**Exercise brief**: This task calls for the complete listing below, reproduced exactly.

**Entries supplied**:
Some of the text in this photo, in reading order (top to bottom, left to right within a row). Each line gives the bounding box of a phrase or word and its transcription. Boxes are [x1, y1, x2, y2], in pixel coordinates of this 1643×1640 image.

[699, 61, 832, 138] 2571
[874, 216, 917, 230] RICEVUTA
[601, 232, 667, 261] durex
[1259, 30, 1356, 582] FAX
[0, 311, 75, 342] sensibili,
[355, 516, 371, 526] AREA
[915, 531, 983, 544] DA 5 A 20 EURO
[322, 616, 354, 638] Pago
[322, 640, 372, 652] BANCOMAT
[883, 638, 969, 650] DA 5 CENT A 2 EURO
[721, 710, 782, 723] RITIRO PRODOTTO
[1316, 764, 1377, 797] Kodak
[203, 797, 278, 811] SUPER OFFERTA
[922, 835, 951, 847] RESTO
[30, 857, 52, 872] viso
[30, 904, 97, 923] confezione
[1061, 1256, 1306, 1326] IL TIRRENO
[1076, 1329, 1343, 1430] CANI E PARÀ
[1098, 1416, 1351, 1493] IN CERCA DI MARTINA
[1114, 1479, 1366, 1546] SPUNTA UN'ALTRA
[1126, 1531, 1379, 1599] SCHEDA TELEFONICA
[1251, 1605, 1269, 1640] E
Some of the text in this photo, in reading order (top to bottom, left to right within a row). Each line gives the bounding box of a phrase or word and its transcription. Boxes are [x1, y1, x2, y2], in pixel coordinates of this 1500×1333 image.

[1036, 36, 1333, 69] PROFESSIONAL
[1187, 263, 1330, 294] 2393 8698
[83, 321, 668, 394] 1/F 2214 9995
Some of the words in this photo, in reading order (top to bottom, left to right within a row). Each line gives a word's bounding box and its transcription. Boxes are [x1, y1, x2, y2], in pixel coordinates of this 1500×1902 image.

**Task answer**:
Some of the text in this photo, in reading order (top to bottom, left to right within a row). Each line gives the bounding box of a phrase or word and its transcription. Boxes are [x1, y1, x2, y2], in pixel coordinates of this 1643×1640 image.

[699, 61, 832, 138] 2571
[874, 216, 917, 230] RICEVUTA
[601, 232, 667, 261] durex
[1259, 30, 1356, 582] FAX
[0, 311, 75, 342] sensibili,
[355, 516, 371, 526] AREA
[915, 531, 983, 544] DA 5 A 20 EURO
[322, 616, 354, 638] Pago
[322, 640, 372, 652] BANCOMAT
[883, 638, 969, 650] DA 5 CENT A 2 EURO
[721, 710, 782, 723] RITIRO PRODOTTO
[1316, 764, 1377, 797] Kodak
[203, 797, 278, 811] SUPER OFFERTA
[922, 835, 951, 847] RESTO
[30, 857, 52, 872] viso
[30, 904, 97, 923] confezione
[1061, 1256, 1306, 1326] IL TIRRENO
[1076, 1329, 1343, 1430] CANI E PARÀ
[1098, 1416, 1351, 1493] IN CERCA DI MARTINA
[1114, 1479, 1366, 1546] SPUNTA UN'ALTRA
[1126, 1531, 1379, 1599] SCHEDA TELEFONICA
[1251, 1605, 1269, 1640] E
Some of the text in this photo, in reading order (top to bottom, left to right within a row). Each line gives the bounding box of a phrase or word and its transcription. Boxes are [x1, y1, x2, y2], in pixel coordinates of this 1500×1333 image.

[1036, 36, 1333, 69] PROFESSIONAL
[1187, 263, 1330, 294] 2393 8698
[83, 321, 668, 394] 1/F 2214 9995
Some of the words in this photo, in reading order (top to bottom, left to right within a row). Each line gives a word's bounding box and its transcription. Boxes are [x1, y1, x2, y2], in pixel coordinates of this 1500×1902 image.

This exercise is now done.